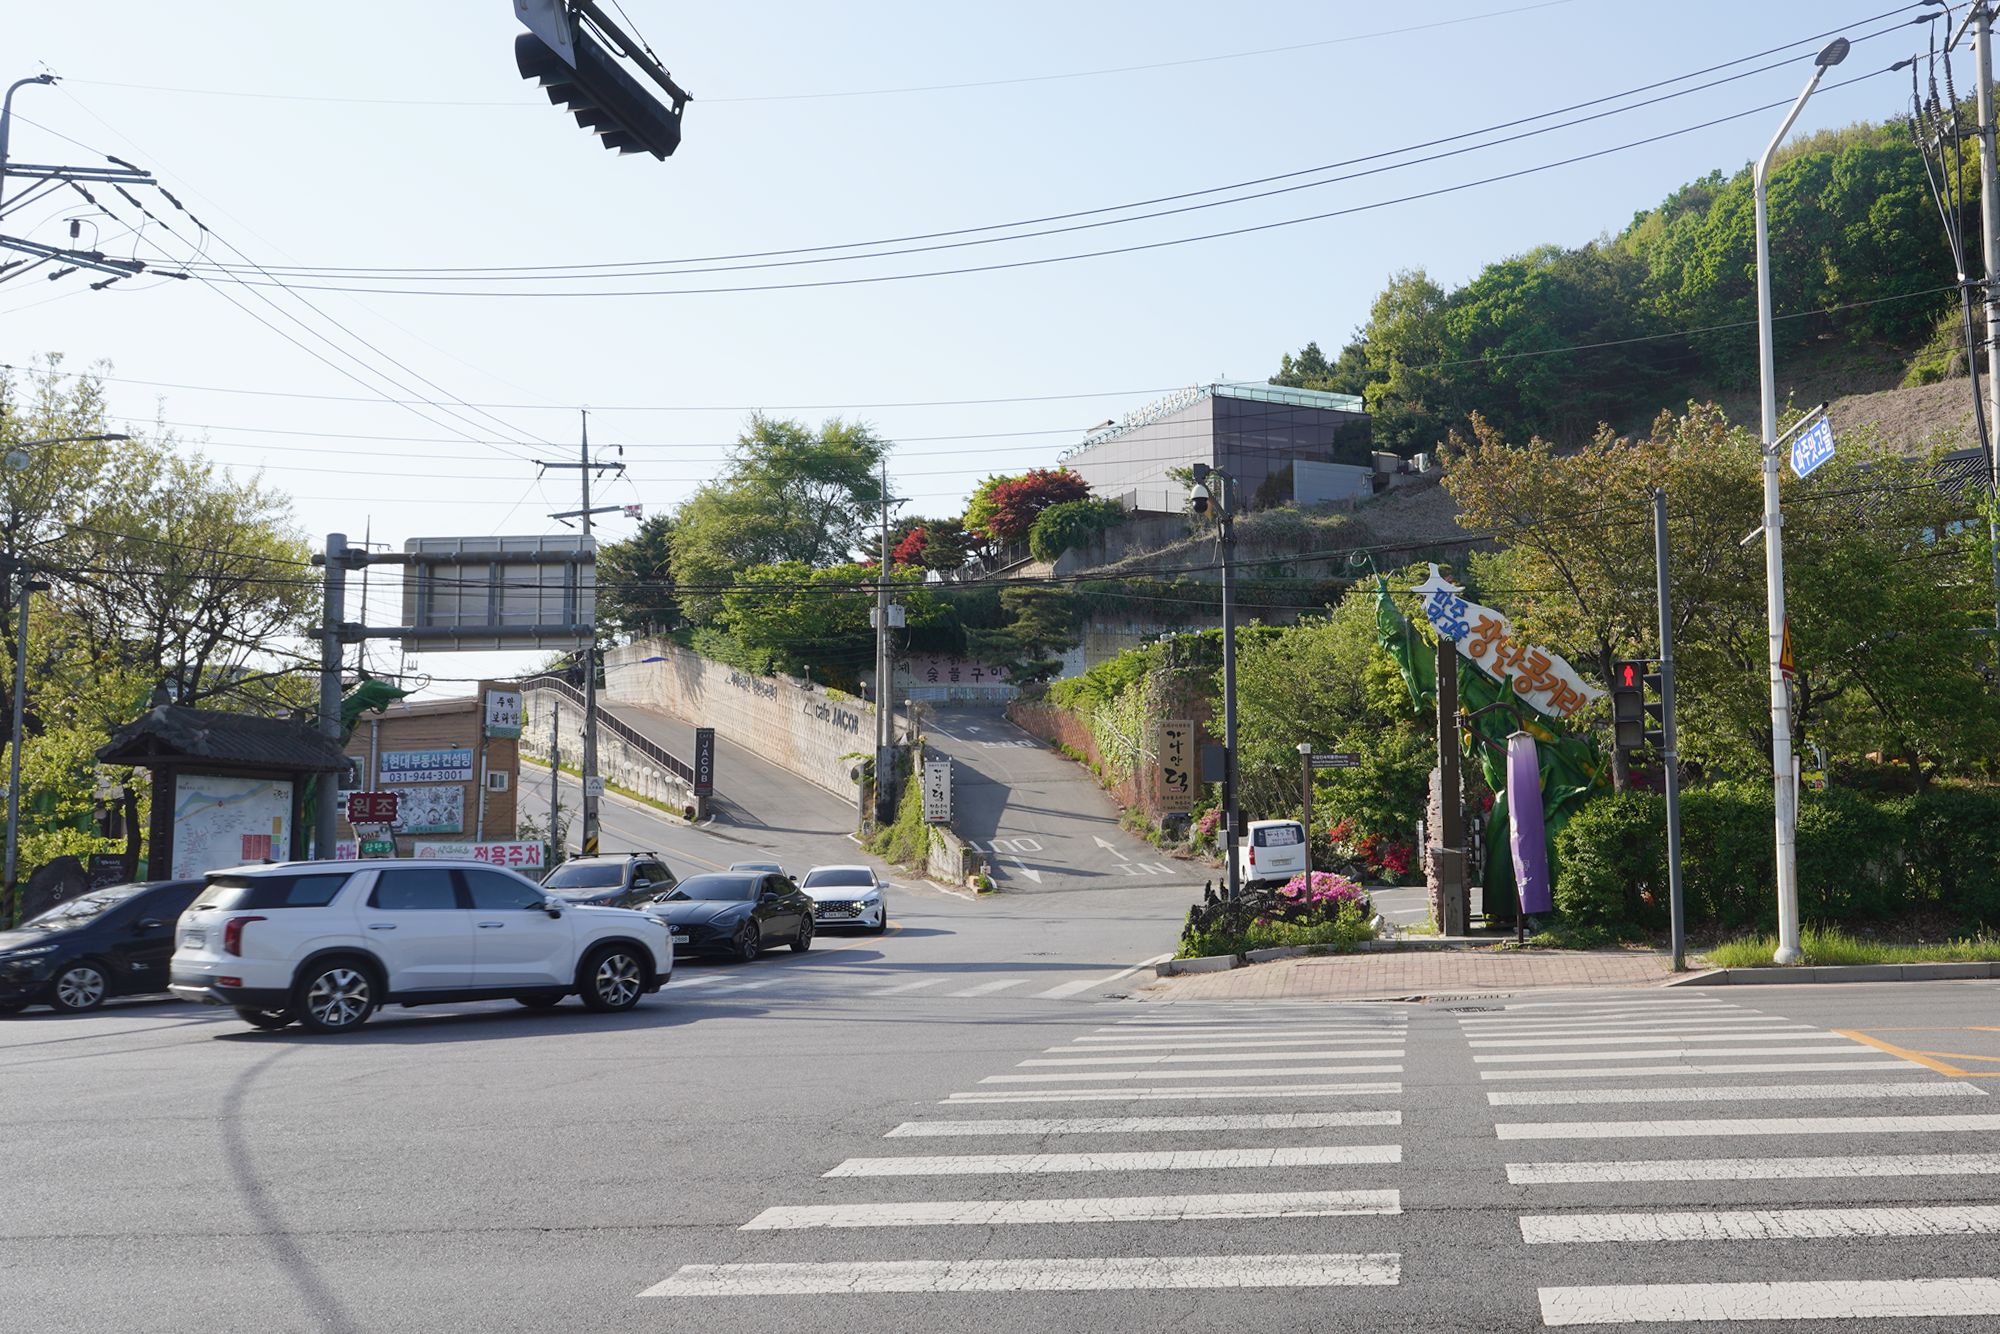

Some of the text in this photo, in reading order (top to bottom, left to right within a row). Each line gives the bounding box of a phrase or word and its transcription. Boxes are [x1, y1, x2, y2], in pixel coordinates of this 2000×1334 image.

[1795, 424, 1832, 470] 파주맛고을
[1433, 587, 1469, 619] 파주
[1468, 613, 1588, 720] 장단콩거리
[815, 702, 859, 735] cafe JACOB
[389, 770, 463, 782] 031-944-3001
[701, 740, 709, 782] JACOB
[353, 797, 395, 818] 원조
[1111, 862, 1177, 876] IN
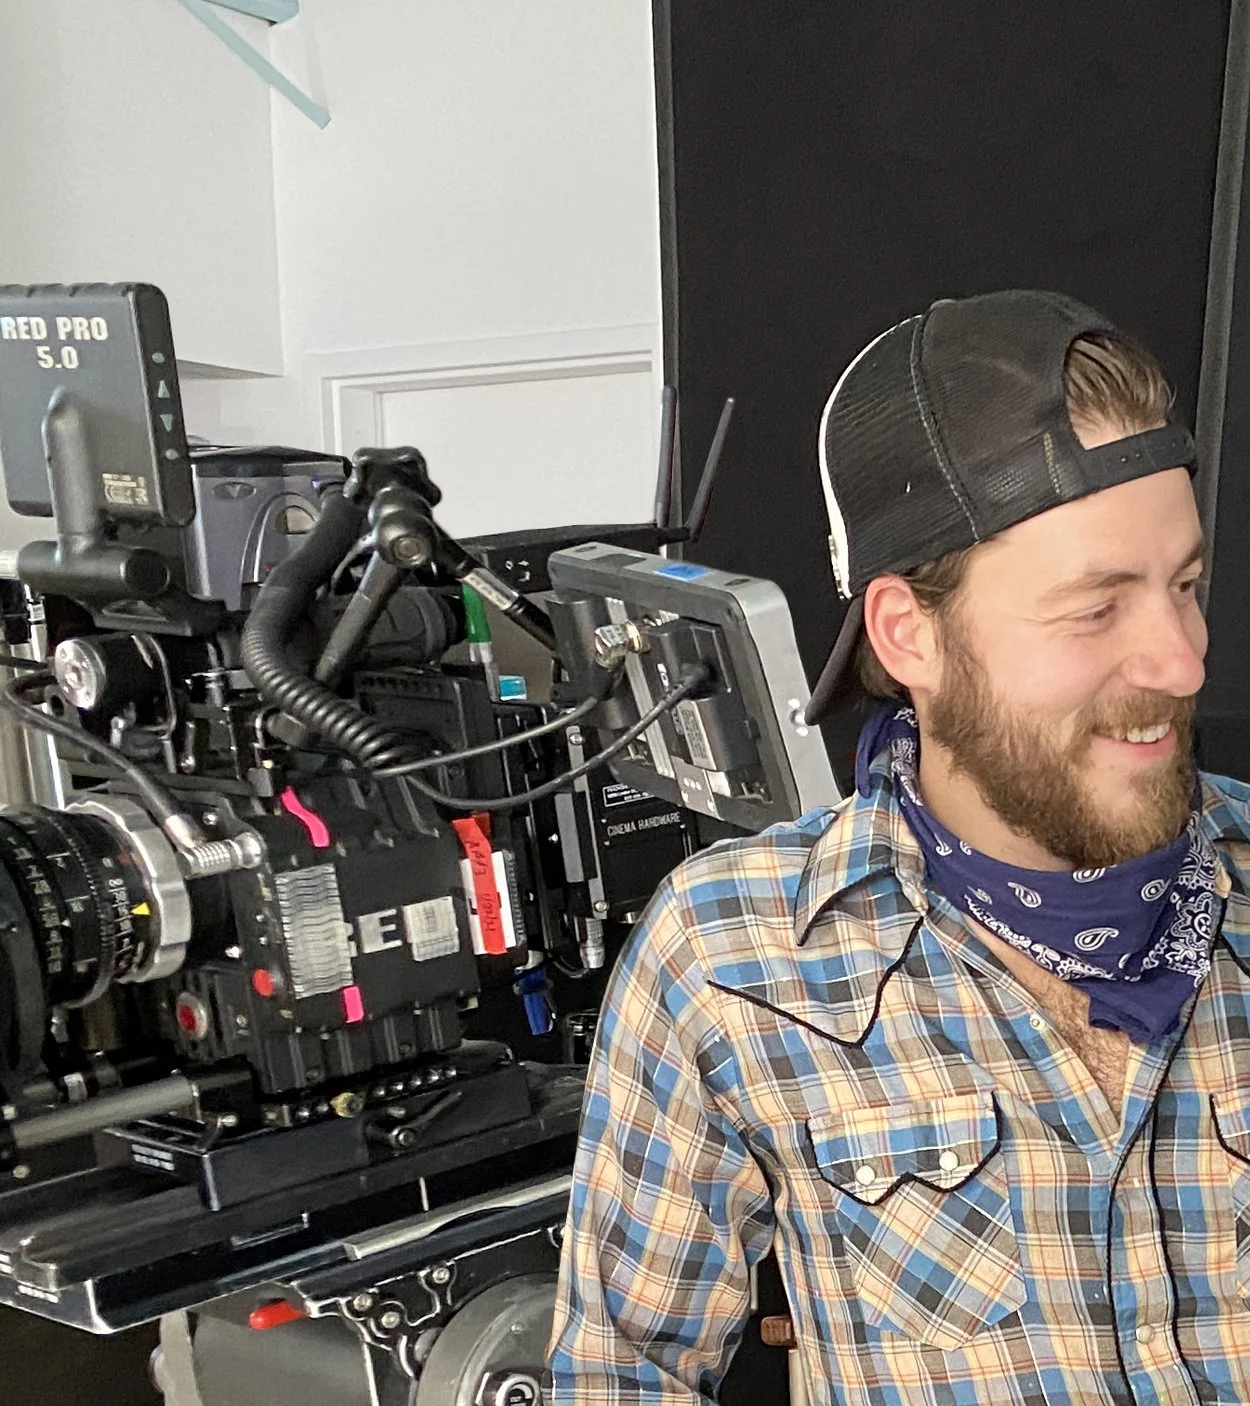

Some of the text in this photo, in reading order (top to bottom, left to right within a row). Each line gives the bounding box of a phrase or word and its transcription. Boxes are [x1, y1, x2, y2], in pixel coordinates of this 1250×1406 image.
________
What is needed is an exact copy of the entries above, with no images in it.

Some of the text in this photo, in reading order (top to bottom, left to right within a row). Each line gives the bounding box of a phrase or word and its transcription. Boxes are [x1, y1, x2, y2], in pixel coordinates of this 2000×1334 image.

[1795, 424, 1832, 470] 파주맛고을
[1433, 587, 1469, 619] 파주
[1468, 613, 1588, 720] 장단콩거리
[815, 702, 859, 735] cafe JACOB
[389, 770, 463, 782] 031-944-3001
[701, 740, 709, 782] JACOB
[353, 797, 395, 818] 원조
[1111, 862, 1177, 876] IN

Some of the text in this photo, in reading order (top to bottom, left to right within a row). Each line gives the bounding box of a phrase or word and its transcription. Boxes are [x1, y1, x2, y2], in pixel coordinates of this 1250×1406 image.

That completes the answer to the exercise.